If anyone knows the answer or can point me to the online source I'd be very grateful.  I just can't find the information I'm looking for so I'm reaching out for help.

Thank you in advance.


----------



## SuburbanFarmChic (Sep 11, 2011)

I would call animal control in Huntsville.  That is what we did when we were looking at a property a couple cities over. They let us know exactly which animals we could and couldn't have in the area we were looking at.


----------



## glbedrosian (Sep 14, 2011)

Hello,

In my small city, the Planning Office is the department at City Hall that provides that information. 

There are different zones in different parts of the city, with slightly different rules for each zone.

So when I call the Planning Office and give them my address, they'll look up the zoning regulations for that particular address and tell me what I can or can't do.

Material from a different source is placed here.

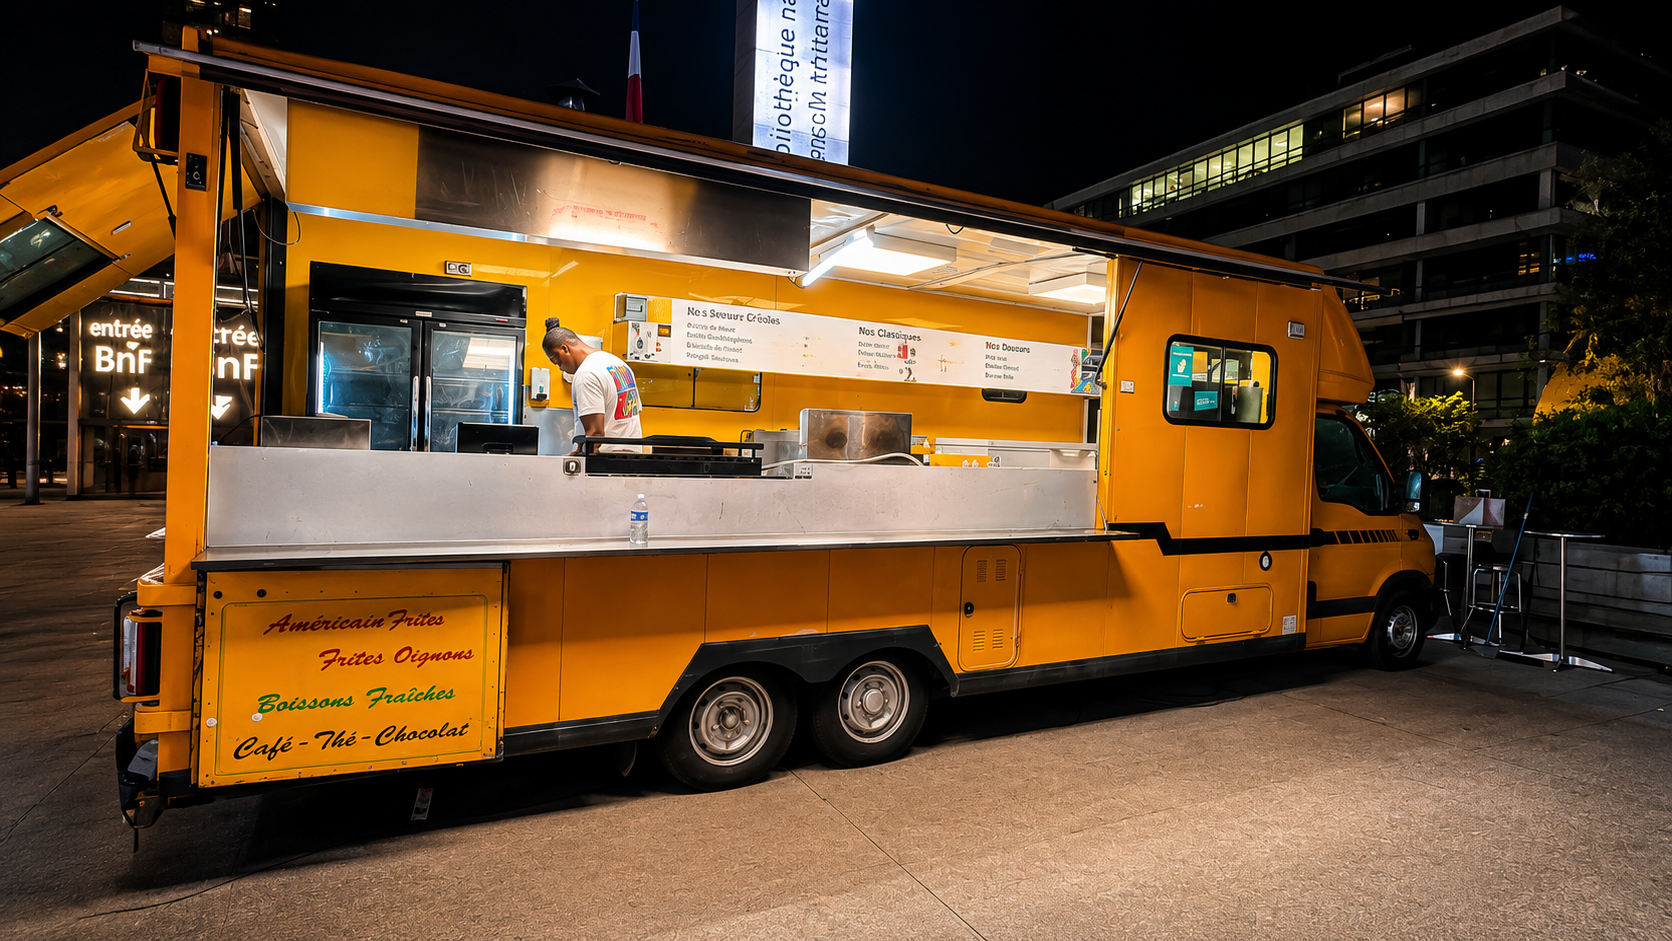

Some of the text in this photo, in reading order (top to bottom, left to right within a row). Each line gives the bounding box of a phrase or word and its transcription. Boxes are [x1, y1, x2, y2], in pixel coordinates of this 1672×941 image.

Also, some cities have their zoning regulations online now, so that with patience, you can look up what's allowed by zone.

Good luck,


----------



## Ms. Research (Sep 14, 2011)

glbedrosian said:
			
		

> Hello,
> 
> In my small city, the Planning Office is the department at City Hall that provides that information.
> 
> ...


X2.  Good luck finding a place to happily raise livestock.


----------



## elevan (Sep 14, 2011)

Always make sure that you're calling the right department so that you get the correct information.  It can be devastating to be told one thing by a well intentioned departmental person only to learn that they were incorrect.  I'm personally not shy about calling to the top and asking what department I should call to inquire about something (ie: calling the mayor's office and asking who is the correct department to ask).  I don't live in the city anymore and hopefully I'll never have to again but when I did I learned some hard lessons about calling those well intentioned departmental workers who weren't the correct department.  Animal control might be able to answer for you but do they really know everything for that city?...Each city can be different in who gets control over "final say" and you want to talk to who has "final say" in case a problem ever occurs.


----------